Im Norden dagegen sind die Favoriten auf Zack. Tabellenführer HSV verteidigt seinen Sechs-Punkte-Vorsprung und schlägt den VfL Osnabrück am heimischen Rothenbaum 2:0. Harry Bähre und Peter Wulf tragen sich in die Torschützenliste ein. Der scharf gedeckte Uwe Seeler nicht, aber er weiß, warum: „Es stand immer einer zu viel im Wege, aber was sollen wir ständig predigen dass diese doppelte Sicherung unpopulär ist.“ Werder Bremen gewinnt bei Hannover 96 mit 3:1 und rückt auf Platz zwei vor. Die größte Wende nimmt das Spiel in Kiel, wo Gastgeber Holstein nach 0:2-Pausenrückstand Eintracht Nordhorn noch 4:2 bezwingt.

Im Westen fallen in acht Spielen 32 Tore, trotz zweier Nullnummern am Gladbacher Bökelberg (gegen Borussia Dortmund) und in Sodingen (gegen Meiderich). Schalke 04 verteidigt mit einem 2:1 gegen Viktoria Köln die Spitze, Willi Schulz überragt alle. Diskussionen gibt es auch fünf Jahre vor dem legendären WM-Finale um ein "Wembley-Tor" des Schalkers Egon Horst. Vergeblich protestiert Kölns Trainer Hennes Weisweiler gegen die Anerkennung des letztlich entscheidenden Tores. Klarer gewinnt der Verfolger 1. FC Köln – 6:1 gegen Marl-Hüls.
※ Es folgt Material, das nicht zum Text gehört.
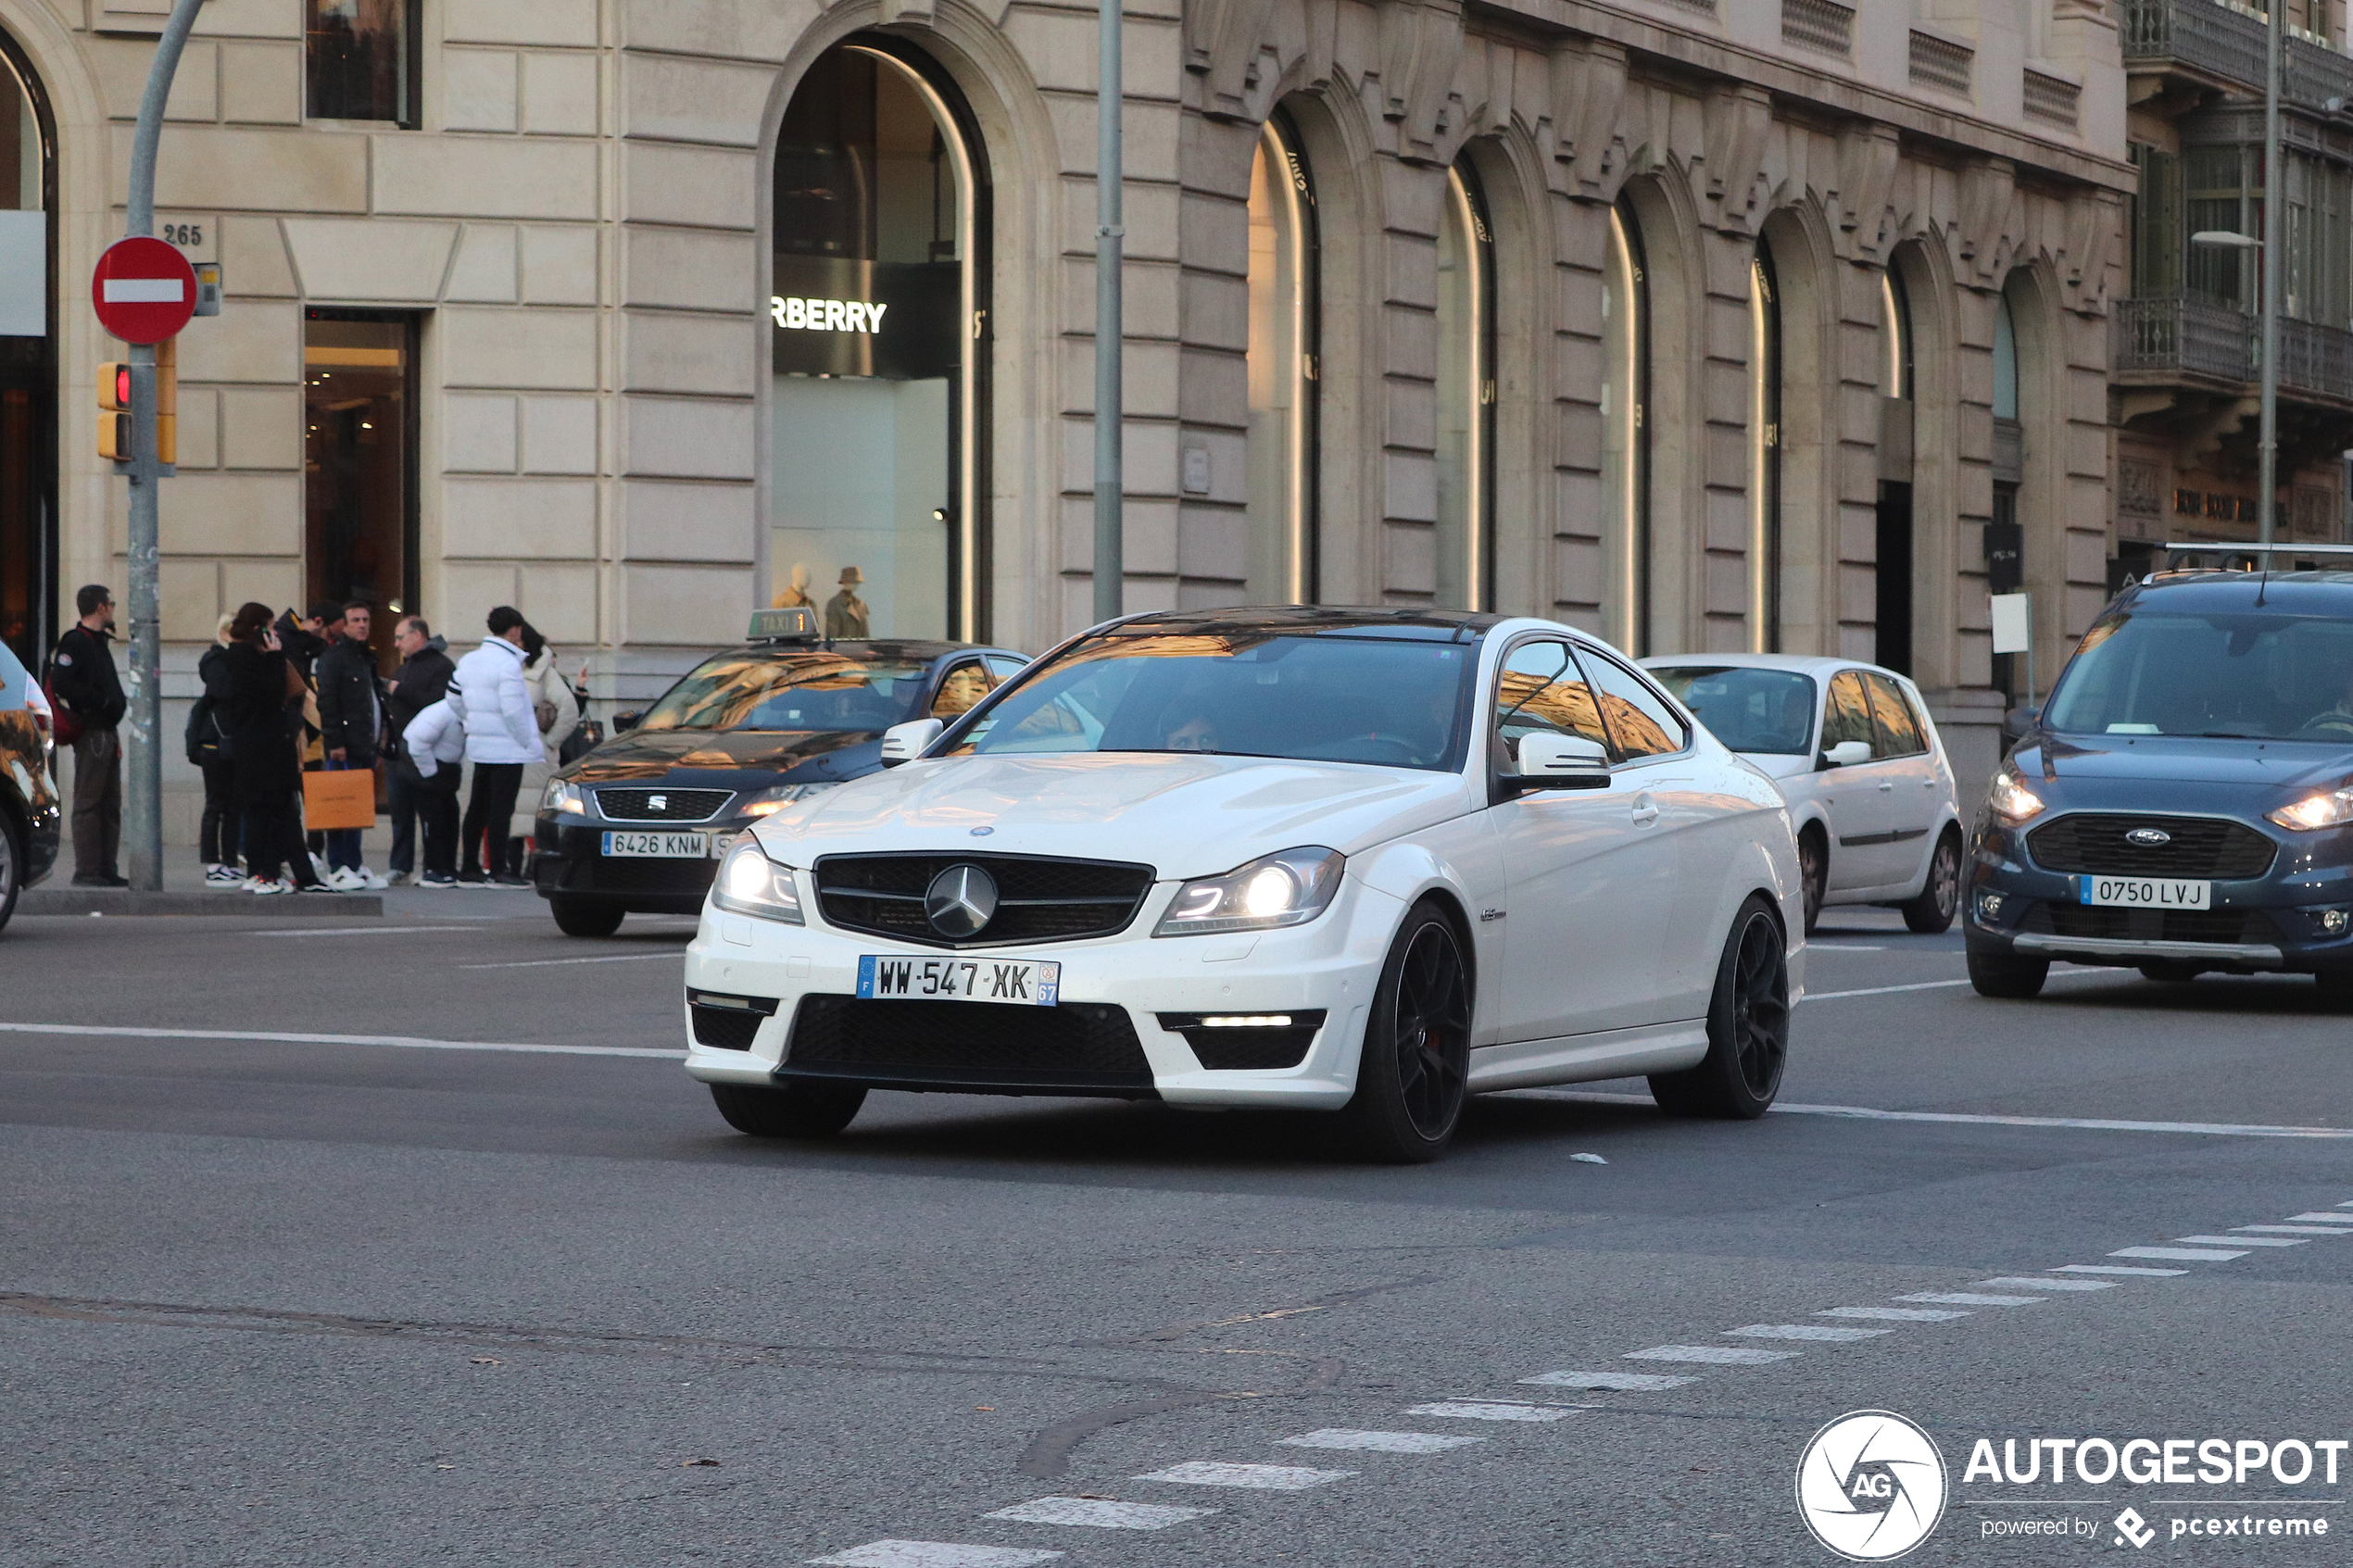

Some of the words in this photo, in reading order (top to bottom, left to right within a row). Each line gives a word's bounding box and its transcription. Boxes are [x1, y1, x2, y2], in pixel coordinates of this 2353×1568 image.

[164, 224, 201, 245] 265
[615, 835, 659, 852] 6426
[666, 836, 701, 854] KNM
[2100, 881, 2153, 902] 0750
[2161, 884, 2201, 904] LVJ
[862, 982, 868, 991] F
[1038, 985, 1056, 1001] 67
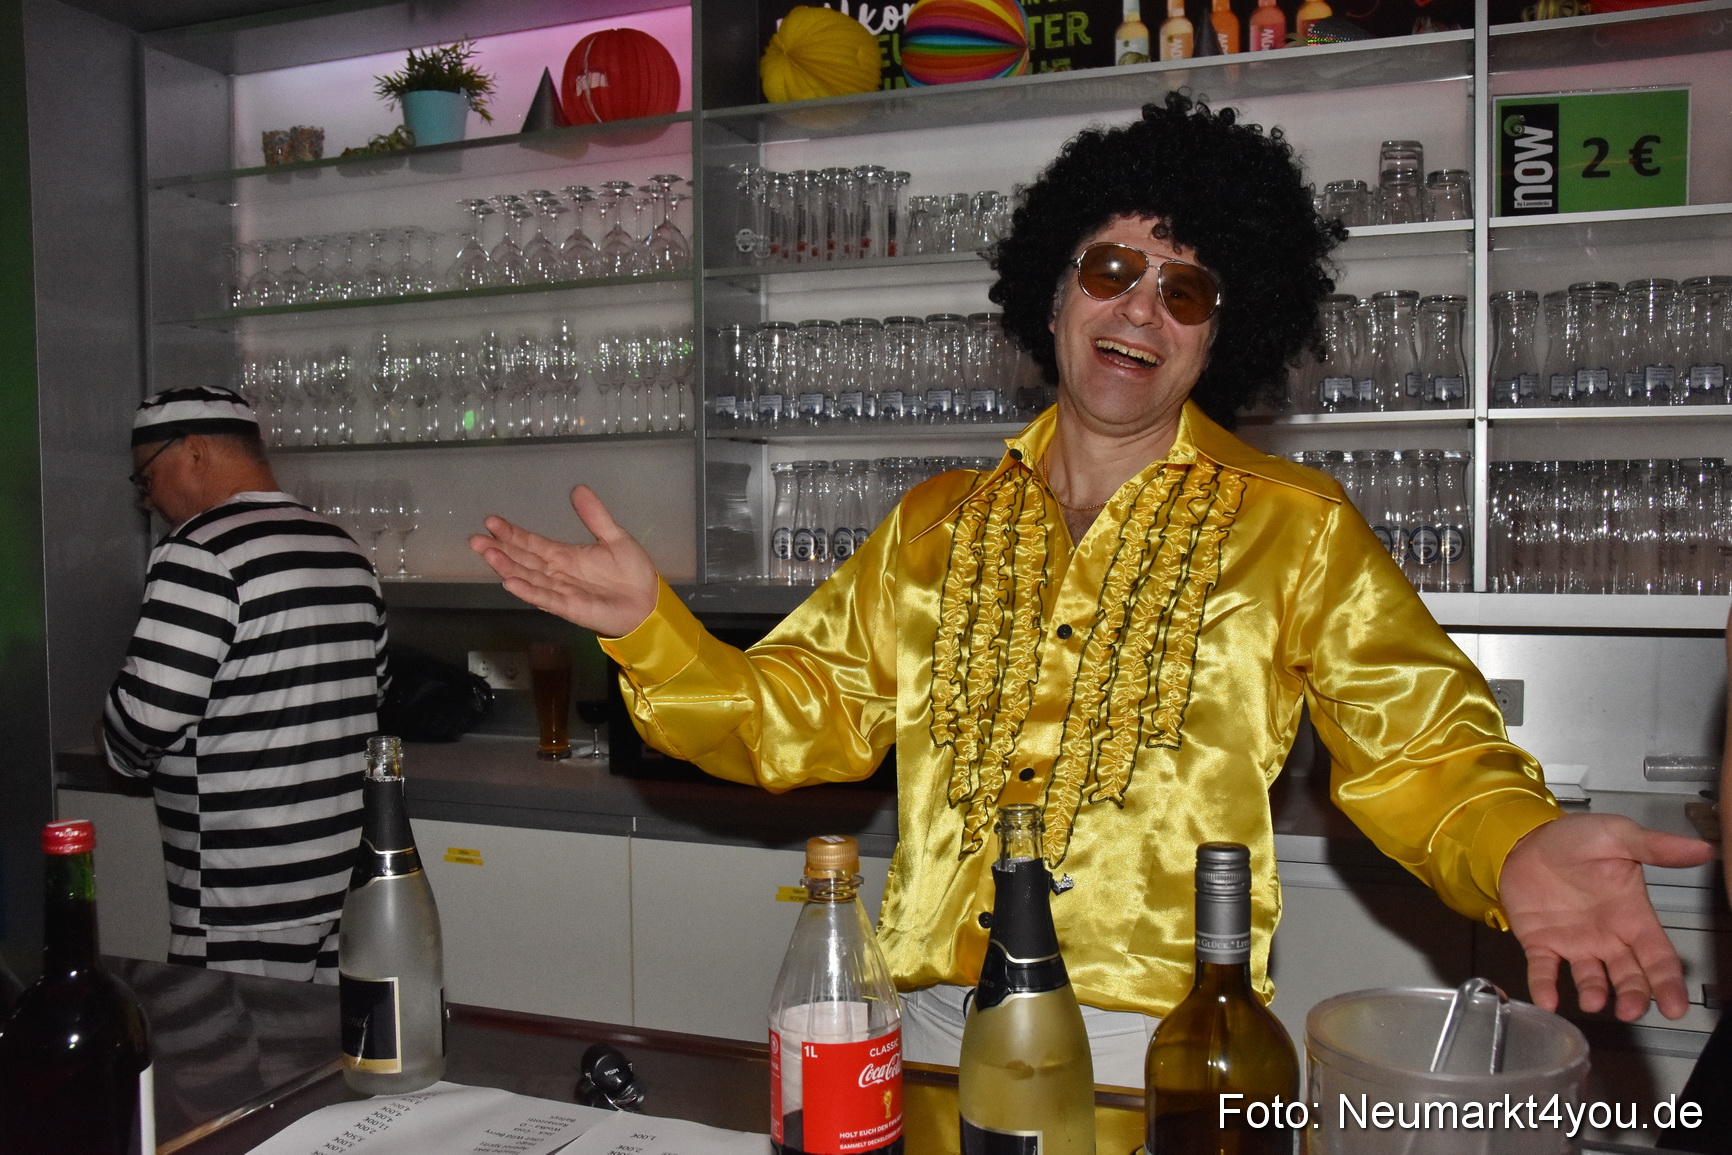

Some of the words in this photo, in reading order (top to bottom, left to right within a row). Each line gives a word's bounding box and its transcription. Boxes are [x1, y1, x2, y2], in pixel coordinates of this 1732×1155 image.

[1581, 137, 1611, 178] 2
[1628, 135, 1661, 177] €
[804, 1045, 818, 1058] 1L
[839, 1131, 858, 1139] HOLT
[859, 1127, 877, 1137] EUCH
Der Tabellendritte Preußen Münster lässt auf dem Tivoli einen Punkt (3:3), womit er nach 1:3-Rückstand noch zufrieden sein kann. Alemannias Torwart Wladimir Beara bricht sich nach 20 Minuten Schien- und Wadenbein nach einem Zusammenprall mit Preuße Manfred Pohlschmidt. Feldspieler Jean Löring muss ins Tor und dreimal hinter sich greifen, aber er „machte seine Sache ausgezeichnet“ ("Sport Magazin"). Aufsteiger Schwarz Weiß Essen schlägt vor 20.000 Zuschauer am Uhlenkrug Rot-Weiß Oberhausen und „spielt sich in die Essener Herzen“. Manfred Rummel schießt alle ETB-Tore und seine Elf auf Platz fünf, nur einen Punkt hinter Westfalia Herne, das in Duisburg 5:1 gewinnt.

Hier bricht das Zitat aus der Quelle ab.